Frogs and toads have toxins in their skin that is harmful to each other. The secretions of a toad will kill a dog very fast if untreated. Leopard Frogs don't have very many species that can attain a size that they will not eat or be eaten by the other frog. Wood Frogs will not get eaten or eat leopards if they are both adults. The problem is that wood frogs are more like an American toad. They don't live by the water like other frogs do. I've found some in the woods decently far from a pond. And the size of your tank is a bit small to keep both of them. 2 leopards will do good in a minimum 29-30 Gallon long. A wood frog doesn't need as much space since it's more terrestrial then aquatic but, you would need a 40-55 or more to do this. It looks more natural and decreases territorial standoffs. I have a 75 Gallon Vivarium with American Toads (a sexed pair) and Northern Leopard Frogs (sexed also), this is the minimum for 4 of them even with lots of hides and plants. I don't discourage you but I would say to see if your frog is happy. Why I got sexed pairs is because it to me feels more natural and the 2 species are happy. With a 20 gallon your one frog is probably happy, they aren't usually social with each other. So they don't need a friend. But a mate imo is something that everything and everyone wants so if you get a bigger tank, you'll find that would be all you'd need. 
You can checkout my Viv I have info posted on there about stuff that May interest you

http://www.frogforum.net/showthread.php?t=34251

Don't try this unless you have years of experience and knowledge about both species. 

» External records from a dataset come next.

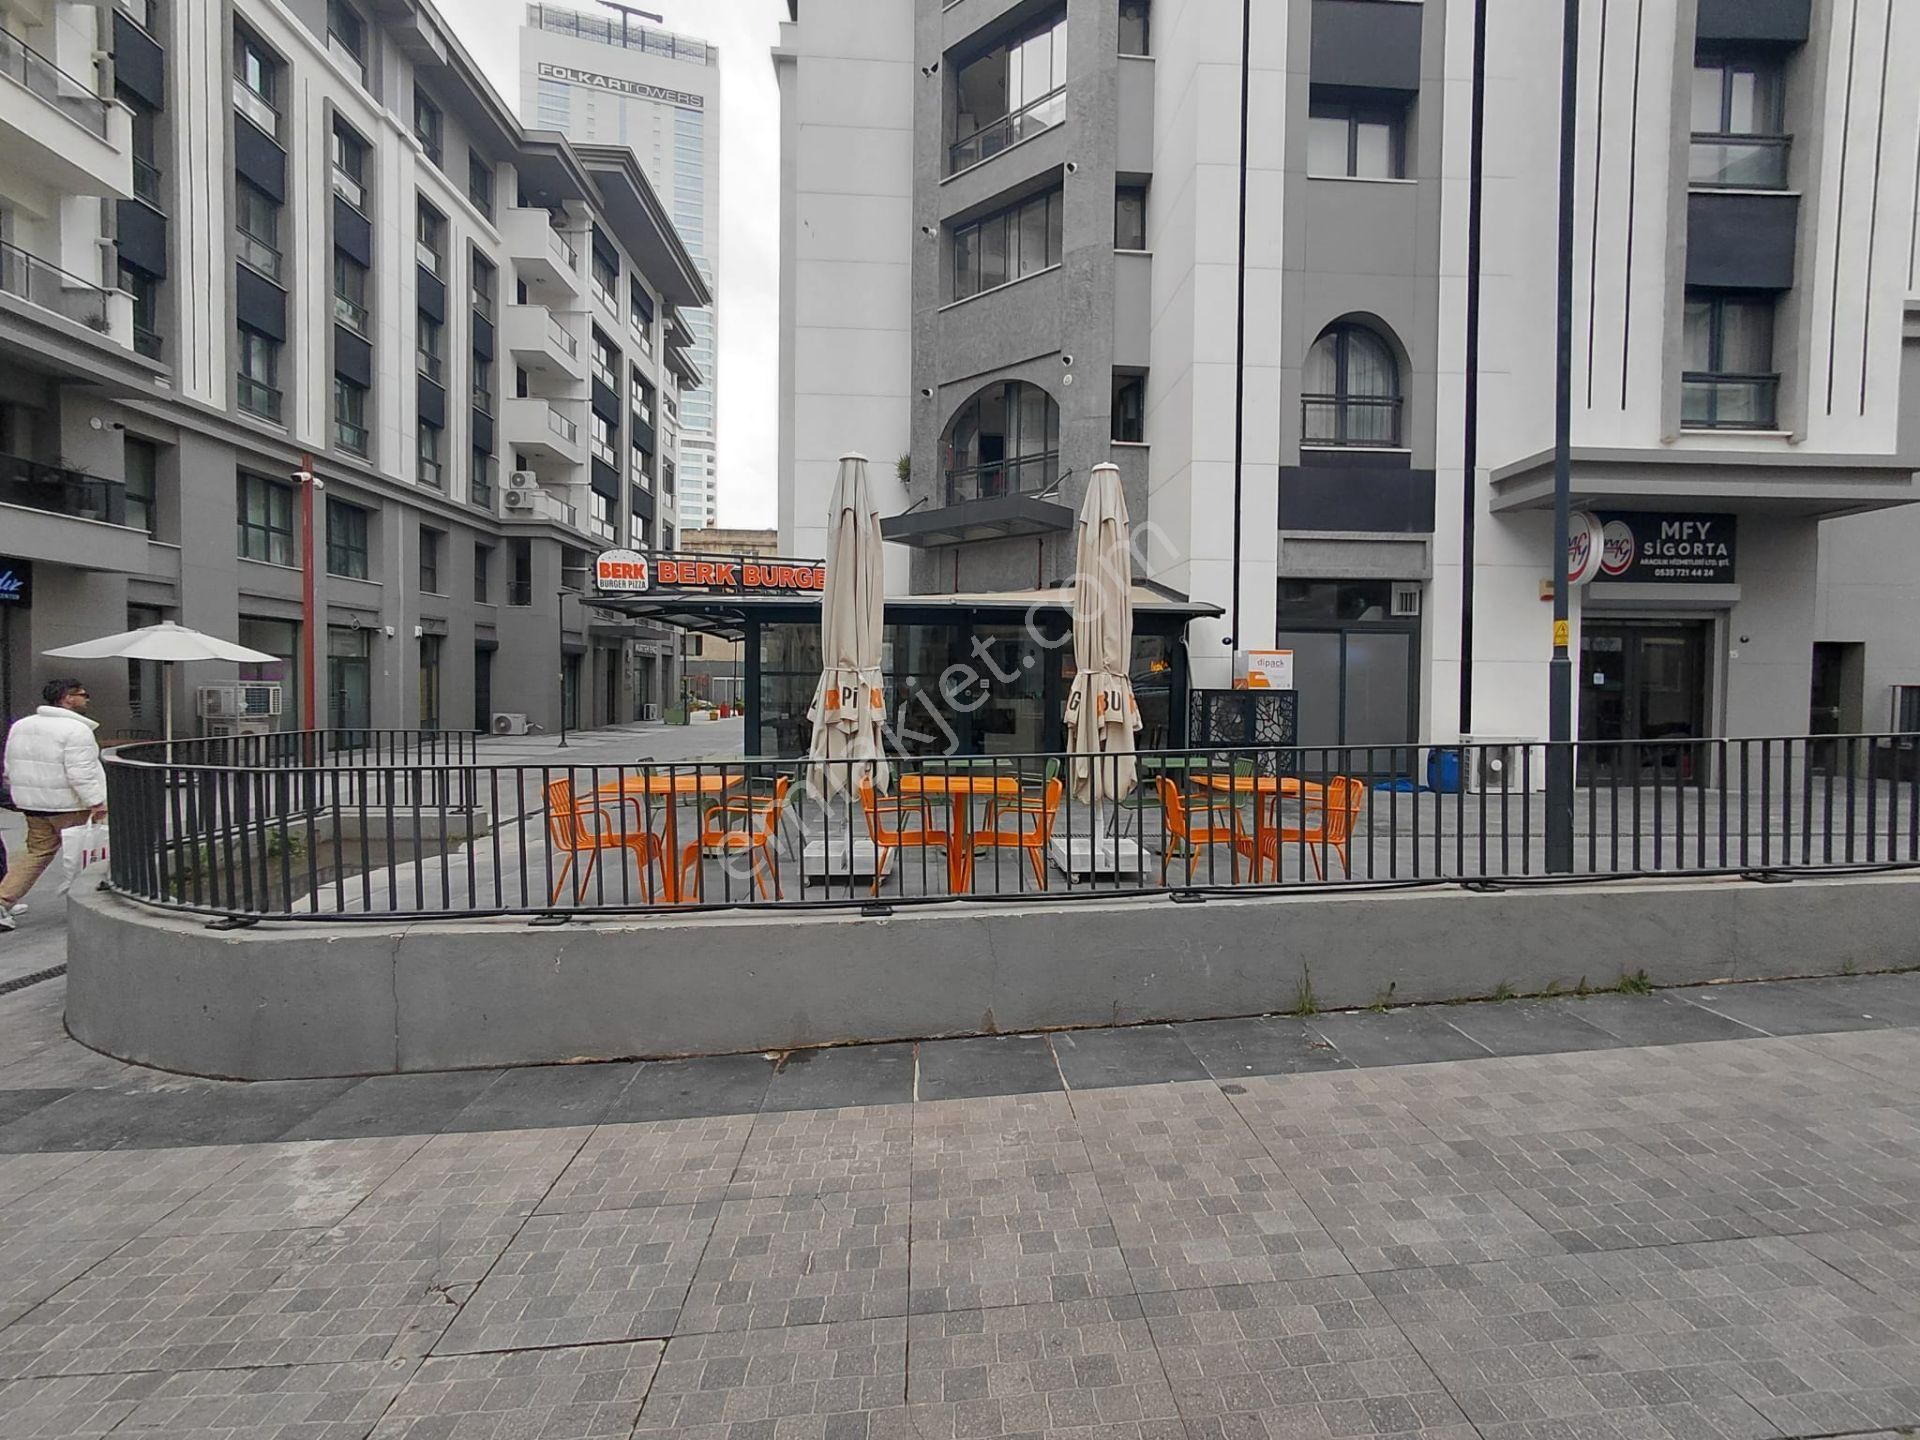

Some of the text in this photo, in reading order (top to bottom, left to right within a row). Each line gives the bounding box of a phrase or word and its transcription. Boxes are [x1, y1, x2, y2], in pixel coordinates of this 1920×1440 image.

[1661, 521, 1711, 540] MFY
[1644, 538, 1728, 556] SİGORTA
[599, 562, 646, 579] BERK
[657, 560, 737, 586] BERK
[1676, 568, 1690, 577] 721
[1691, 568, 1702, 577] 44
[1703, 569, 1714, 577] 24
[600, 579, 627, 588] BURGER

Don't add a tree frog because the leopard frog will eat it. Mine can jump higher than 3 feet that I know of. 

Sent from my iPhone using Tapatalk

----------

Cliygh and Mia 2, deranged chipmunk, LilyPad

----------


## Mr Leopard

I'm not necessarily dead set on housing them together (the alternative  will need carfeful consideration), but none of the care sheets I've read  make any fuss about them being kept with other frogs (at least not with  other leopard frogs). The recommendation is always 10 gallons per frog  (granted, that's a minimum....and, granted, a few of those care sheets  were dead wrong with regards to the frog's biology). I agree that the  bigger the terrarium, the better, though. That's generally the case.

As  for the toxicity of the skin, does anyone have a scientific source that  backs the general claim that frogs have toxins that are harmful to each  other? I may be new to keeping frogs in captivity, but (even though I  wouldn't call myself an expert on frogs) I do know a bit about the life  in the wild (a very different ball game) of several species. Some do  have toxins that are harmful to other frogs, but if all (or the greater  majority of them) did, cannibalism and the eating of other frogs species  wouldn't be so widespread. It sounds to me like it could be the result  of an agglomeration of other facts, something like: toads have toxins +  some frogs have toxins + the frog mucus often contains chemicals like  antibacterials, etc., all being turned into the general statement that  all frogs have harmful toxins in their skins.

(Makes me feel like bullfrogs and leopard frogs could overdose on frogs...)

I  could be wrong, though, and if so I'd love more details. A scientific  source (or something close to that) would be awesome if anyone can  direct me toward one.

If I do decide to house them together,  would the frogs need to be very similar in size or does the small one  just need to be bigger than the other one's head? (I'm assuming the  closer the size, the better, but what's the  "smaller-than-this-you-risk-tragedy" point?...the one to stay far away  from) Also, what's the quarantine time. Is it the same as with snakes  (2-3 months)? How hard is it to make sure that they both get their fill  at feeding time (do you need to place them in separate containers while  they eat?)?

----------


## Eli

Each species has very different behavior. A leopard frog would bully smaller frogs like wood frogs and be bullied by larger frogs like bullfrogs and green frogs. It doesn't matter if you feed them in separate containers, they will still cause stress for each other. It isn't really the fact that the frogs can eat each other as the fact that the frogs think they can. If you must get another frog, I would strongly advise on getting another leopard frog and upgrading the tank size. The new frog should be quarantined for at least a month and a fecal test should be performed. Furthermore, the frogs should not have a size different more than a quarter of their nose to vent length. 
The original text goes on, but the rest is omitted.